Ondaatje has woven a wide world of deception where characters lead double lives and have more than one name. The names, some assumed officially, others given casually, aid the duality. “Ours was a family with a habit for nicknames, which meant it was also a family of disguises.” The mother, known as Rose Williams to the protagonists, is Viola elsewhere; she refers to Nathaniel as Stitch and Rachel as Wren. When the family breaks down, it is those names that Rachel rebels against. She tells her brother, “Your name is Nathaniel, not Stitch. I’m not Wren. Wren and Stitch were abandoned. Choose your own life.” Rachel chooses hers by severing from the family, Nathaniel by sinking into it. The deception and caution that defined the parents’ relationship with the children eventually seep into the siblings’ lives. The heartbreak is subtle, but searing. Nathaniel mentions the note he received from Rachel years later, inviting him to watch a play she is in: “She said I should not feel it was really necessary to be there, but the work was playing for three nights in an old barrel-maker’s factory. I found her message heart-breaking in its cautiousness.” The silence extends to Nathaniel and his mother. They live together at the mother’s family home after she reappears in his life. But the boundaries between them remain intact. Ondaatje keeps up the intrigue with partial revelations and unasked questions. Back from work early one day, Nathaniel finds his mother in the kitchen, scrubbing a pot in her shirt sleeves. “She nearly always wore a blue cardigan. I thought it was used to hide her thinness. Now I saw a row of livid scars like those cut into the bark of a tree by some mechanical gardening tool… I was never to know how many scars there were on her, but here were these slate-red ones down the soft flesh of her arm, evidence from that missing time. It’s nothing she’d muttered. Just the street of the small dagger…”

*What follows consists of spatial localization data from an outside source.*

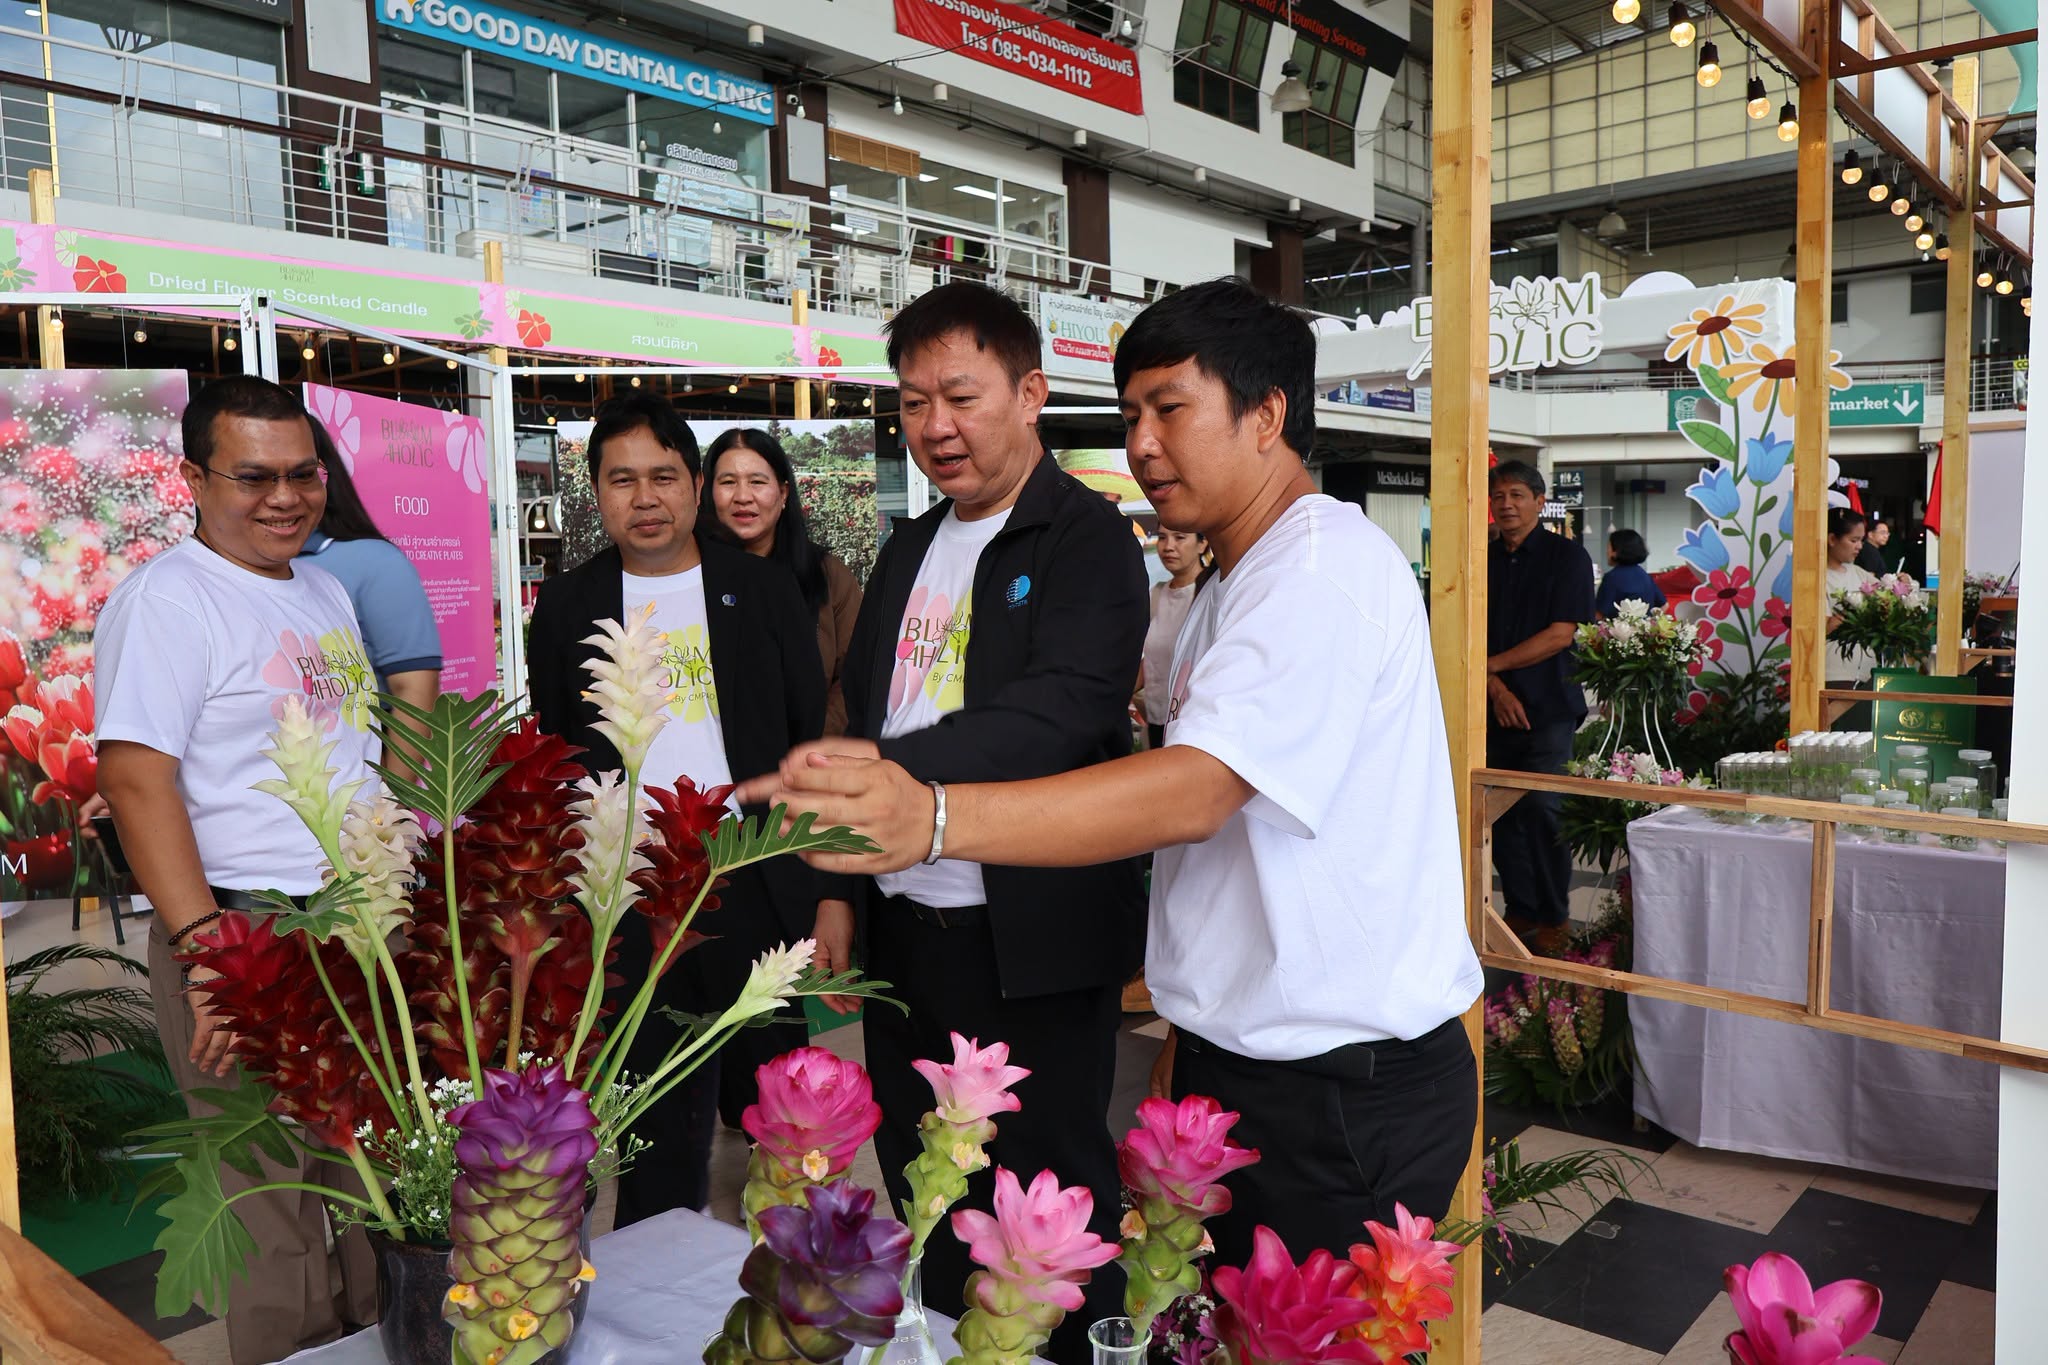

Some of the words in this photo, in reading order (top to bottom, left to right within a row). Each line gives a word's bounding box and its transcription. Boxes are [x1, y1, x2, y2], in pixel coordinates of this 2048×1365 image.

[1278, 2, 1331, 43] Accounting
[1332, 28, 1368, 57] Services
[421, 0, 521, 46] GOOD
[523, 26, 580, 63] DAY
[582, 42, 685, 92] DENTAL
[683, 71, 773, 116] CLINIC
[960, 21, 988, 50] โทร
[990, 37, 1093, 88] 085-034-1112
[148, 271, 206, 292] Dried
[213, 279, 276, 300] Flower
[283, 288, 362, 310] Scented
[367, 297, 428, 317] Candle
[1061, 321, 1104, 343] HIYOU
[1829, 396, 1890, 411] market
[394, 495, 429, 516] FOOD
[1539, 502, 1567, 518] OFFEE
[309, 670, 373, 701] AHOLIC

Characters appear, disappear and reappear in Warlight, and each time they do, they arrive changed, clad in a different skin. Ondaatje creates a vast theatre and inhabits it with many a Janus. The only time the pace slackens is when Nathaniel joins the foreign office and begins to work at the archives. The listlessness is forgotten when Ondaatje delivers his final salvo.Warlight lights up slowly, but when it does, it is incandescent, baring the full picture as well as the cracks within.